Sameer A. Khan
Lasers may provide a means for less invasive diagnosis and monitoring
Sameer A. Khan

This is a corrected version of an article from the Dec. 3, 2014, issue. The correction appears at the end of the story.

Two electrical engineering professors have developed laser devices that could make life easier for people with health problems. One may allow diabetics to monitor their condition without finger-pricks, and the second may provide better diagnosis of asthma and other inflammatory conditions.

A team led by Claire Gmachl has designed a laser-based device that measures blood sugar with a few quick, painless laser pulses through a person’s palm. It is easier and less invasive than current blood-glucose monitors used by diabetics, who often must check their blood several times a day. Almost 10 percent of Americans suffer from diabetes, and the number is on the rise.

Gmachl now is working to make the device smaller and more accurate. She wants “to make a sensor that is as accurate as what’s on the market now, but much more convenient, perhaps an attachment to an iPhone or tablet,” she says. She hopes it will be available in the next several years.
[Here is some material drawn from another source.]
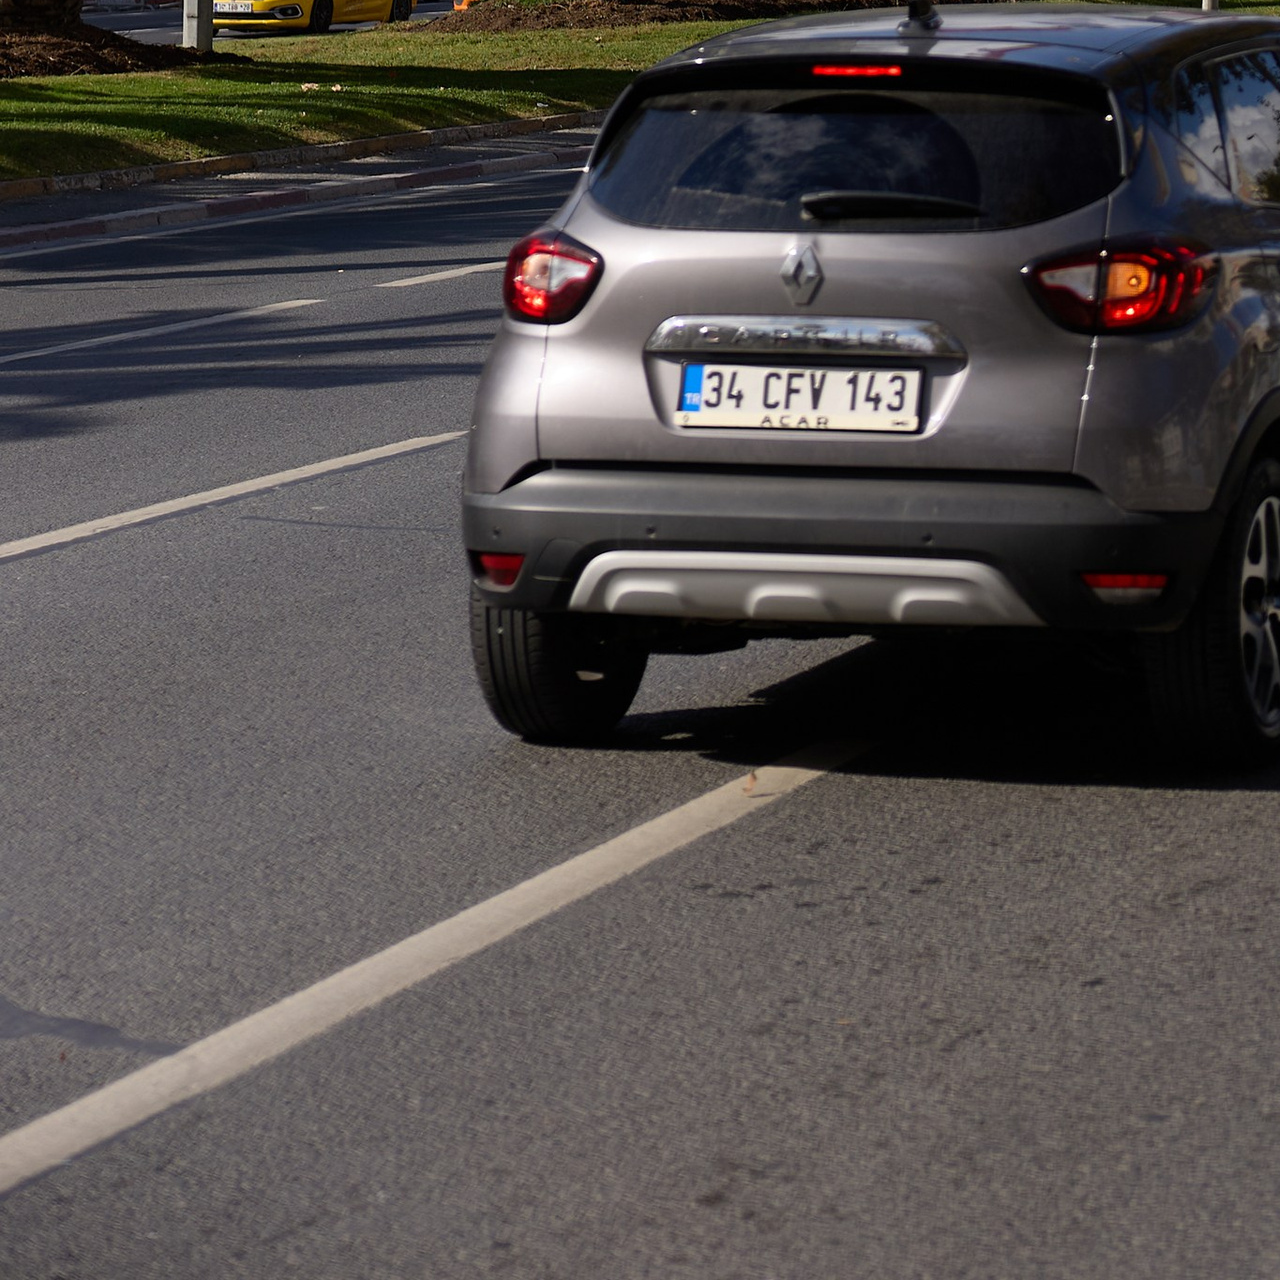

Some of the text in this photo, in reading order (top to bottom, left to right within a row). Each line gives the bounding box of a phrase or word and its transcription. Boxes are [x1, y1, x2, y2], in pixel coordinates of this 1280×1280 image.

[703, 371, 744, 409] 34
[762, 372, 828, 410] CFV
[846, 373, 907, 412] 143
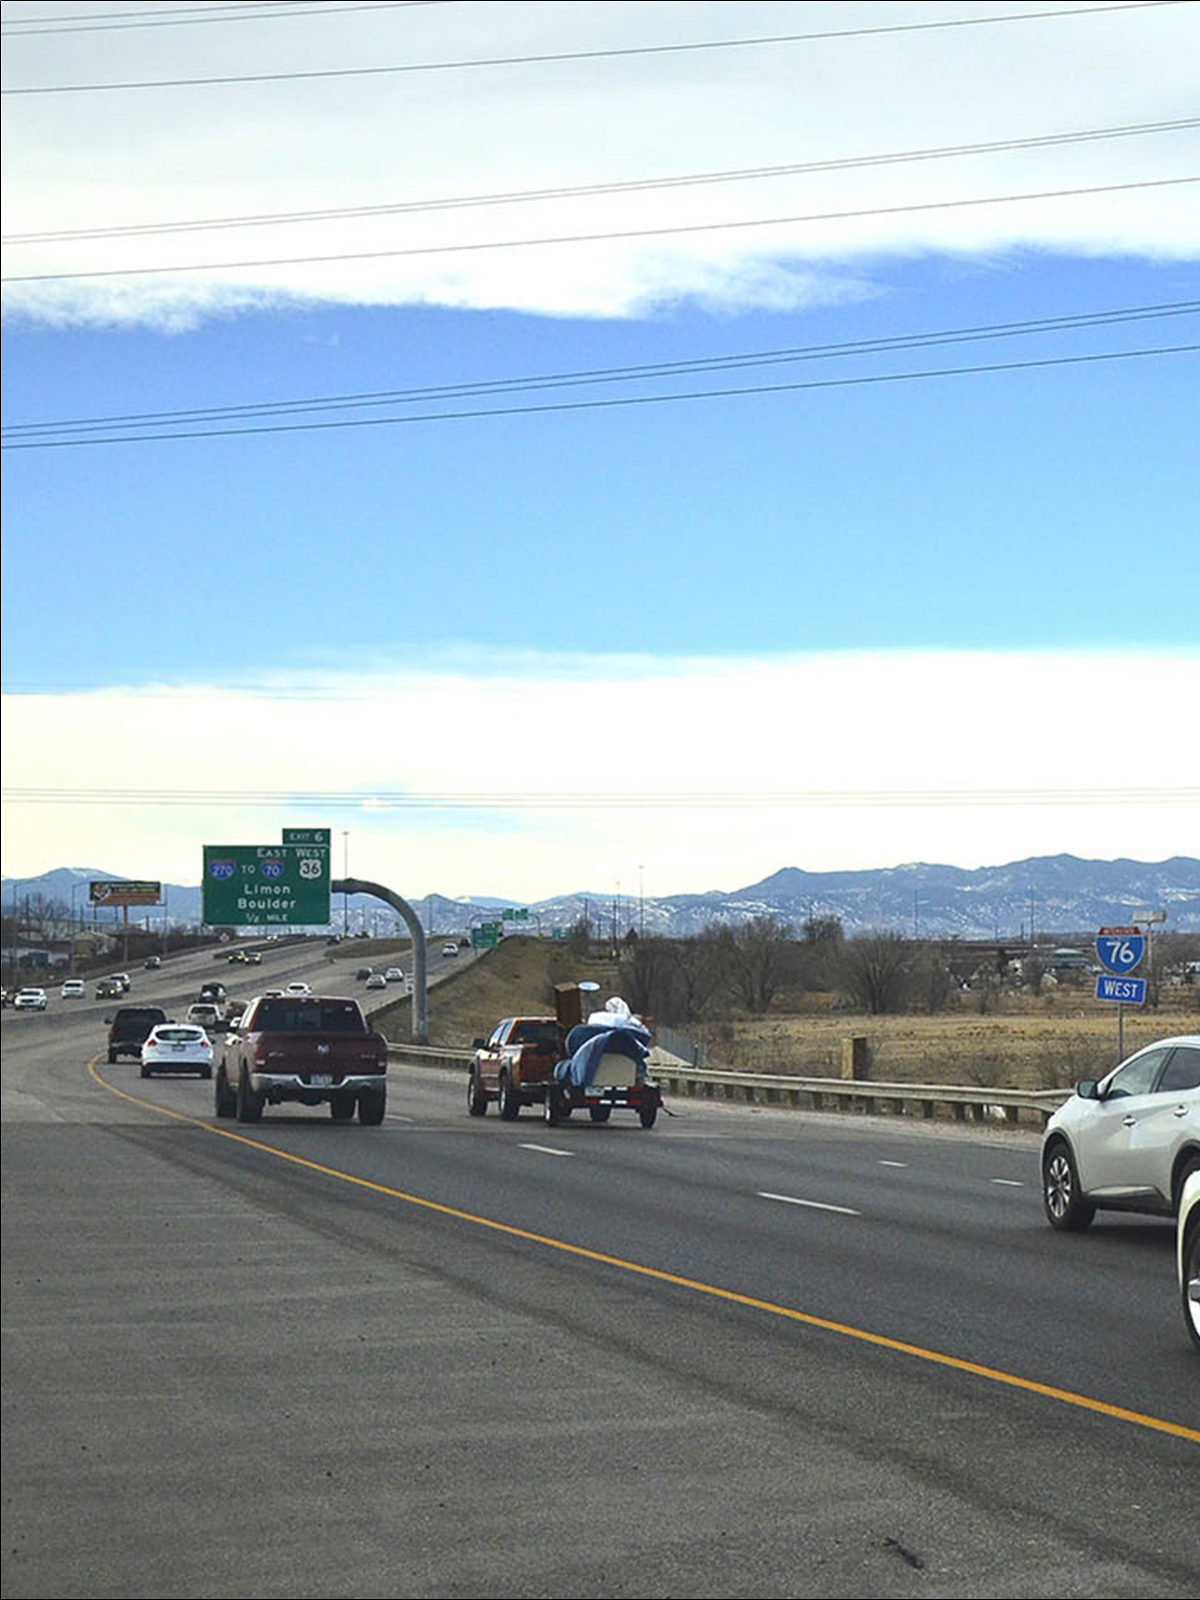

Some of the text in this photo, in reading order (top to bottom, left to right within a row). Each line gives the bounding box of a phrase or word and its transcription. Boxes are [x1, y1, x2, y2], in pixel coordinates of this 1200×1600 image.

A second device, developed by Gerard Wysocki, tracks nitric oxide, which is difficult to measure in the body. High amounts of nitric oxide in a person’s breath can help diagnose asthma and other inflammatory conditions. The device passes a laser’s light through breath, urine, and blood samples to measure nitric-oxide levels throughout the body. Other detectors measure nitric oxide in blood or urine, but not the breath. 

“The sensor we’ve developed is much more accurate and sensitive than existing systems, yet is far more compact and portable,” says Wysocki, who developed the device in 2012 and tested it at the Cleveland Clinic last year. He plans to shrink the device to the size of a desktop computer. The sensor also may be useful for clinical drug trials, enabling doctors to trace the path of a drug in the body with only a breath sample.

An earlier version of this story incorrectly described Professor Gerard Wysocki’s collaboration with Rice University researchers. That collaboration was on early proof-of-concept systems for atmospheric monitoring.